The vote showed the impeachment trial “is dead on arrival,” Sen. Rand Paul (R-Ky.) said on Fox News on Tuesday night. “There will be a show, there will be a parade of partisanship, but the Democrats really will not be able to win. This shows they don’t have the votes to win.”

Even if all Democrats vote to convict Trump—40 already plan to while nine have said they’ll listen to evidence during the trial before deciding—they’d need 17 Republican senators to join them, or Trump will be acquitted for a second time.

“I can’t see how you get 17. I think that that was a test vote,” Sen. John Boozman (R-Ark.) told reporters.
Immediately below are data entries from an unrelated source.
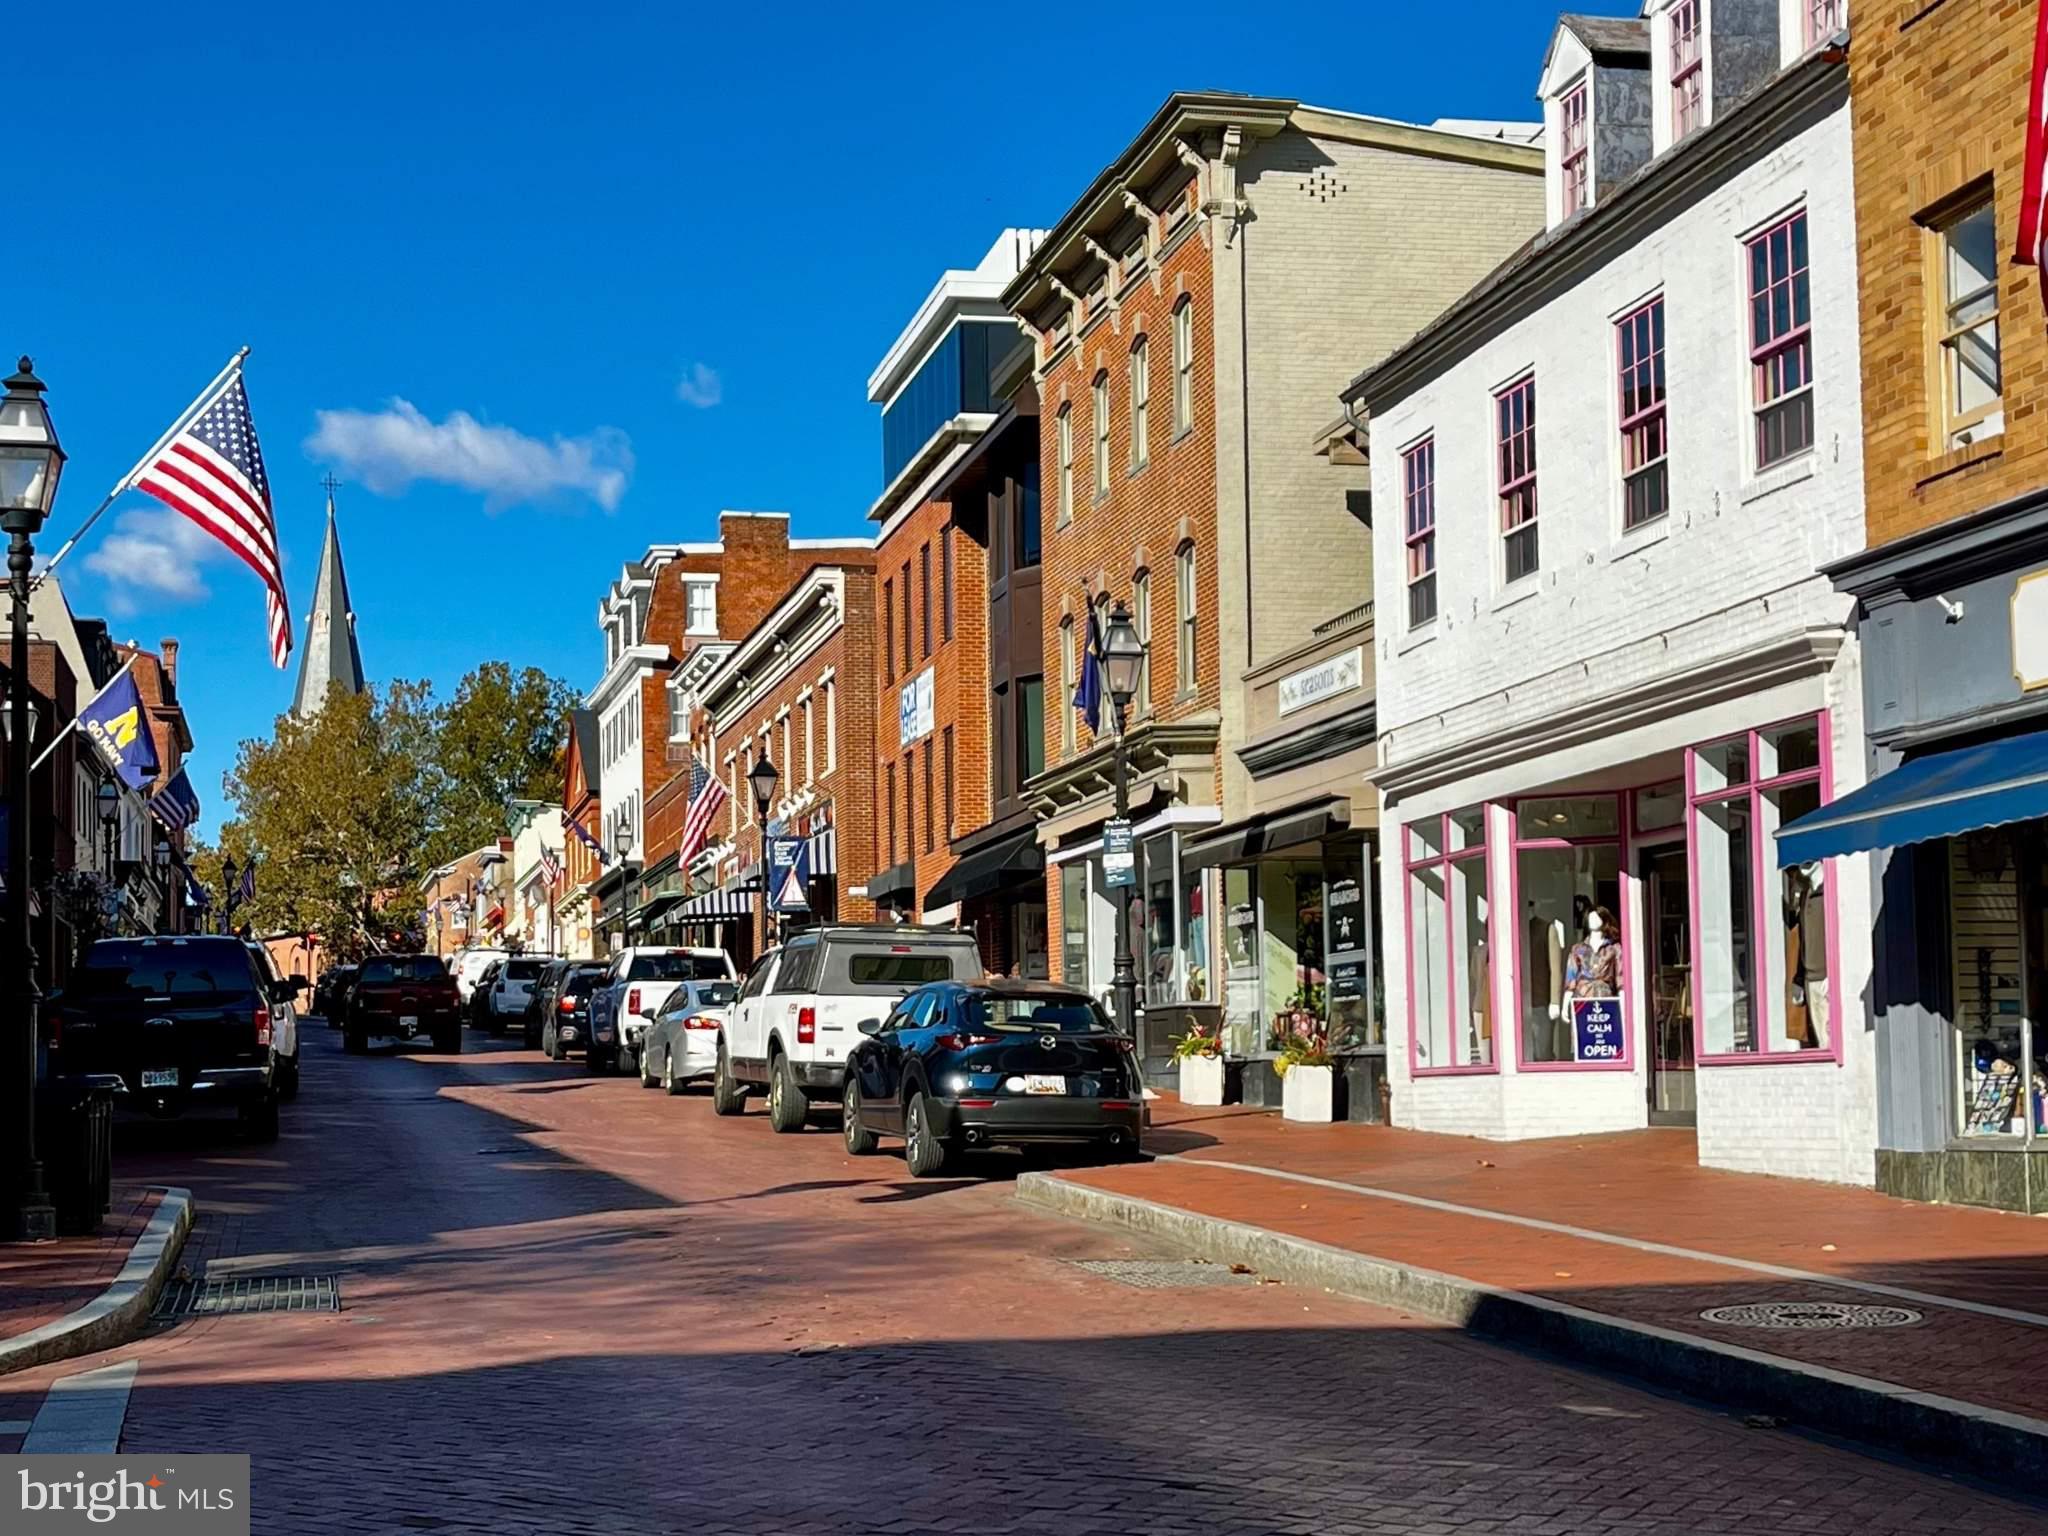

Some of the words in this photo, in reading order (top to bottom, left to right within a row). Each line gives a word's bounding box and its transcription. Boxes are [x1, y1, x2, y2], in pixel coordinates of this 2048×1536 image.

[1301, 667, 1334, 697] seasons
[87, 720, 104, 739] GO
[99, 736, 124, 766] NAVY
[1586, 1013, 1610, 1022] KEEP
[1586, 1024, 1612, 1033] CALM
[1584, 1045, 1617, 1056] OPEN
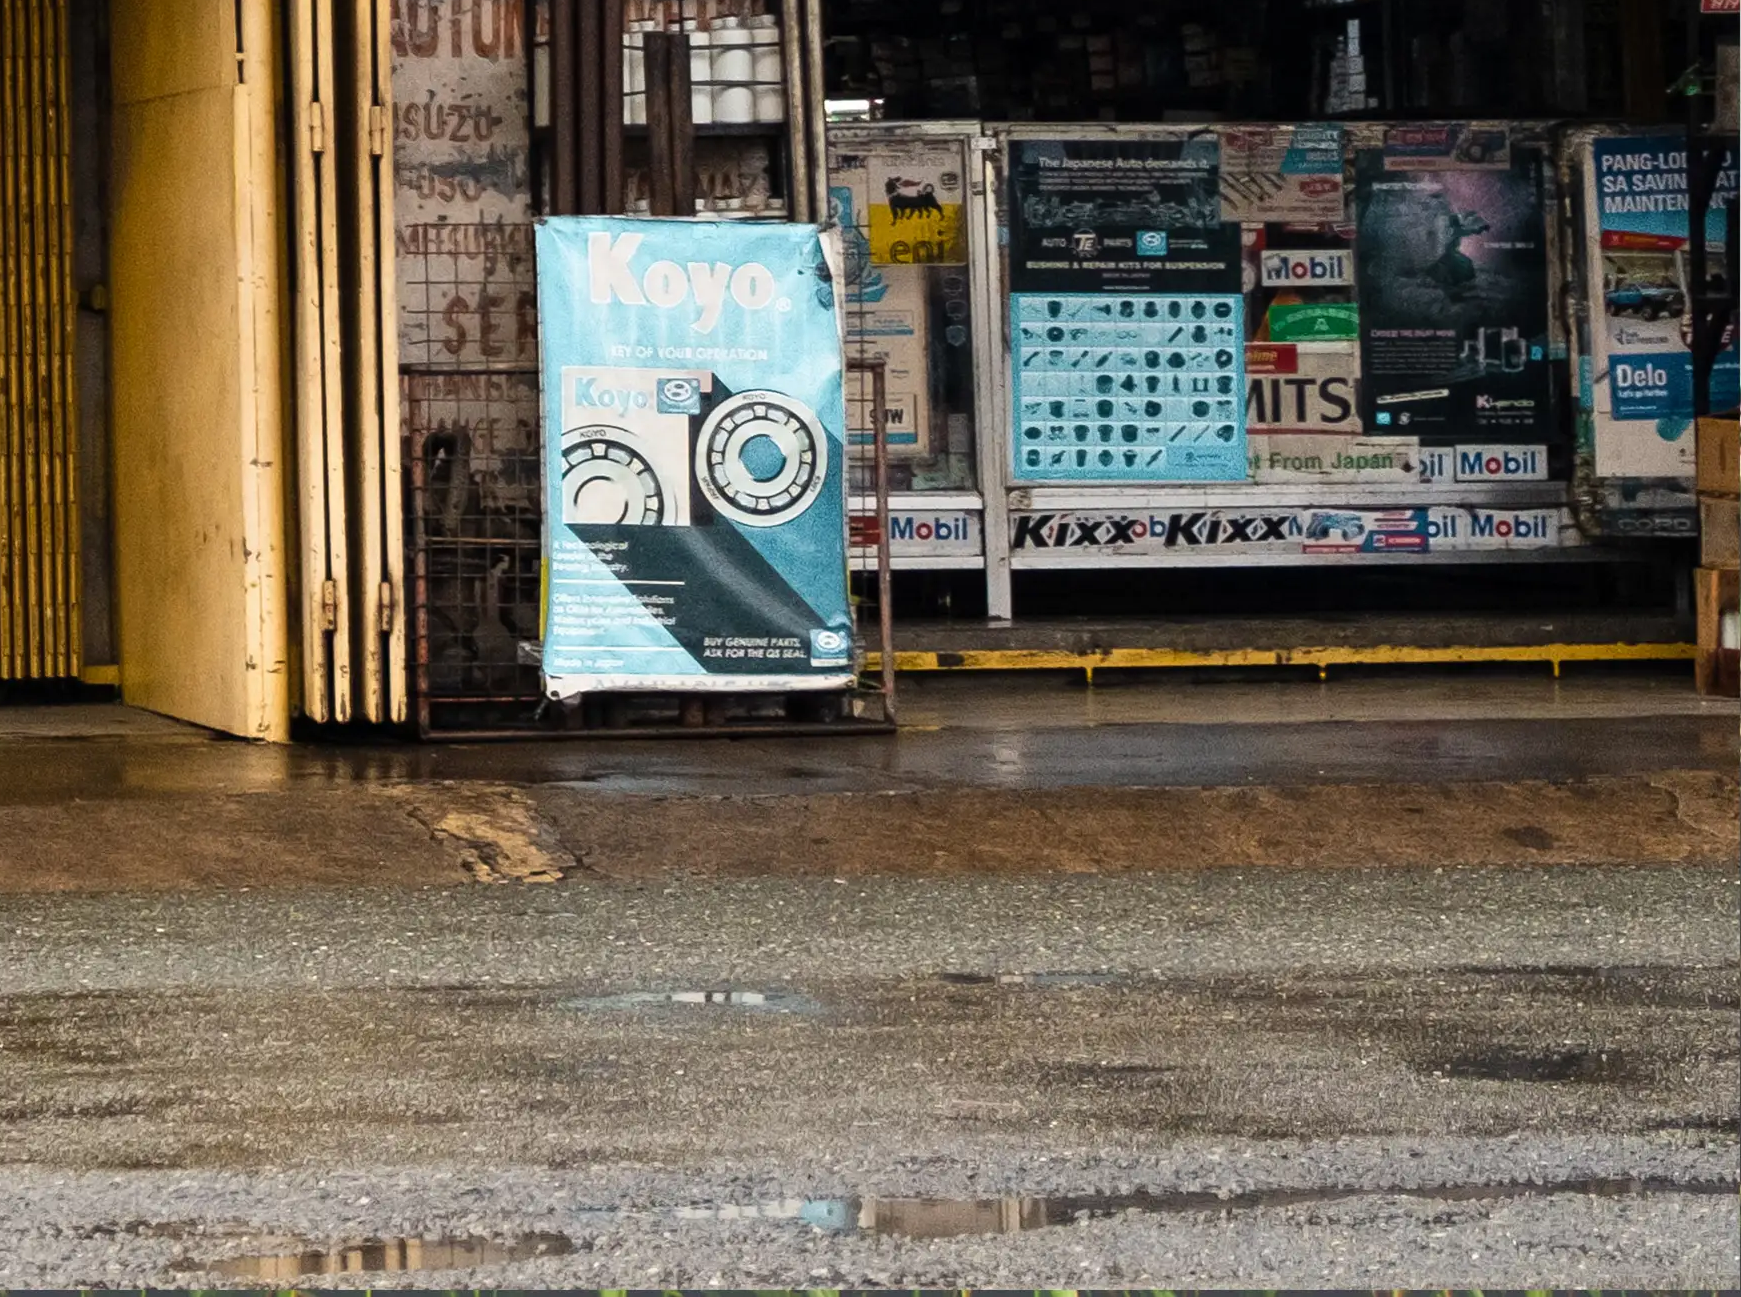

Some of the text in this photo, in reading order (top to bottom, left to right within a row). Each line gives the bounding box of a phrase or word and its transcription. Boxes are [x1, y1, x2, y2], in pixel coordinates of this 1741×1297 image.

[1039, 157, 1060, 170] The
[1062, 157, 1112, 170] Japanese
[1116, 157, 1141, 170] Auto
[1145, 157, 1197, 170] demands
[1602, 175, 1628, 192] SA
[1042, 238, 1067, 247] AUTO
[1104, 238, 1132, 247] PARTS
[1026, 261, 1070, 269] BUSHING
[1082, 261, 1115, 269] REPAIR
[1118, 261, 1141, 269] KITS
[1144, 261, 1162, 269] FOR
[1165, 261, 1226, 269] SUSPENSION
[1267, 255, 1343, 280] Mobil
[587, 231, 776, 334] Koyo
[1617, 362, 1667, 387] Delo
[574, 376, 649, 418] Koyo
[1269, 452, 1393, 472] From Japan
[1461, 452, 1536, 475] Mobil
[890, 517, 968, 541] Mobil
[1013, 512, 1138, 548] Kixx
[1164, 511, 1291, 545] Kixx
[1471, 513, 1547, 538] Mobil
[704, 637, 722, 647] BUY
[725, 637, 768, 647] GENUINE
[704, 649, 722, 658] ASK
[725, 649, 745, 658] FOR
[747, 649, 764, 658] THE
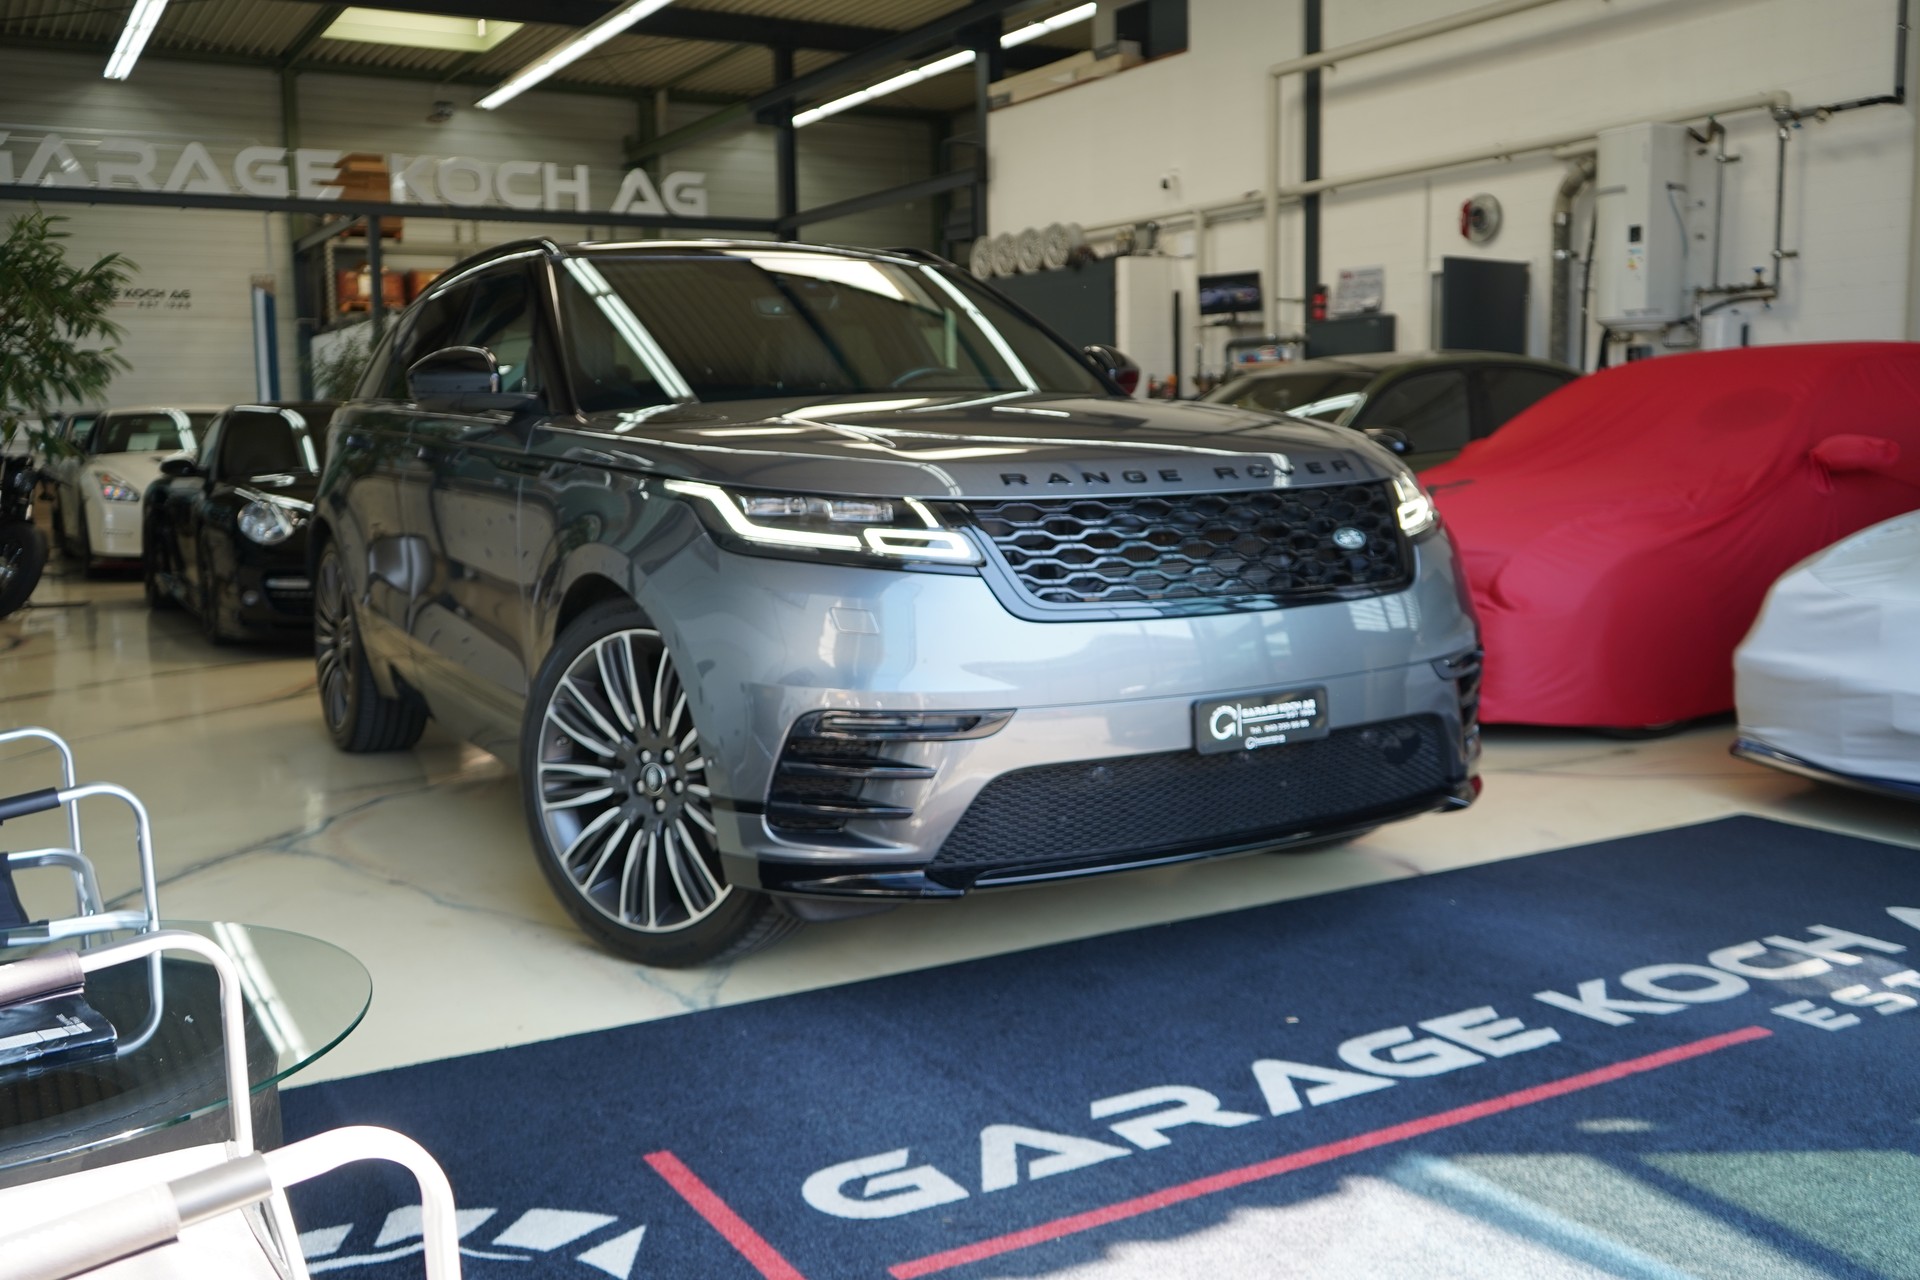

Sen. John Kennedy (R-La.) told The Epoch Times in an emailed statement, “Based on the information I have right now, I voted today and will vote again later in the impeachment trial to dismiss the impeachment proceedings against former President Trump.” Sen. Kevin Cramer (R-N.D.) added that Trump’s comments on Jan. 6 were “rash and ill-advised,” but he doesn’t think “they meet the constitutional standard for impeachment.”

Democrats still suffering from TDS

Only five Republicans voted with Democrats against the point of order. Still, even if Sens. Mitt Romney (R-Utah), Ben Sasse (R-Neb.), Susan Collins (R-Maine), Lisa Murkowski (R-Alaska), and Pat Toomey (R-Pa.) side with Democrats again on conviction, 12 more votes are required.

“It is extraordinarily unlikely the president will be convicted,” Collins told reporters.

Some Democrats have acknowledged the difficulty of swaying so many Republicans, including President Joe Biden and Sen. Joe Manchin (D-W.Va.).

“The votes aren’t there” for conviction, Manchin said before Trump was impeached on Jan. 13.

Republicans urged Biden and Congress to focus on more substantive matters, such as combating the CCP virus pandemic.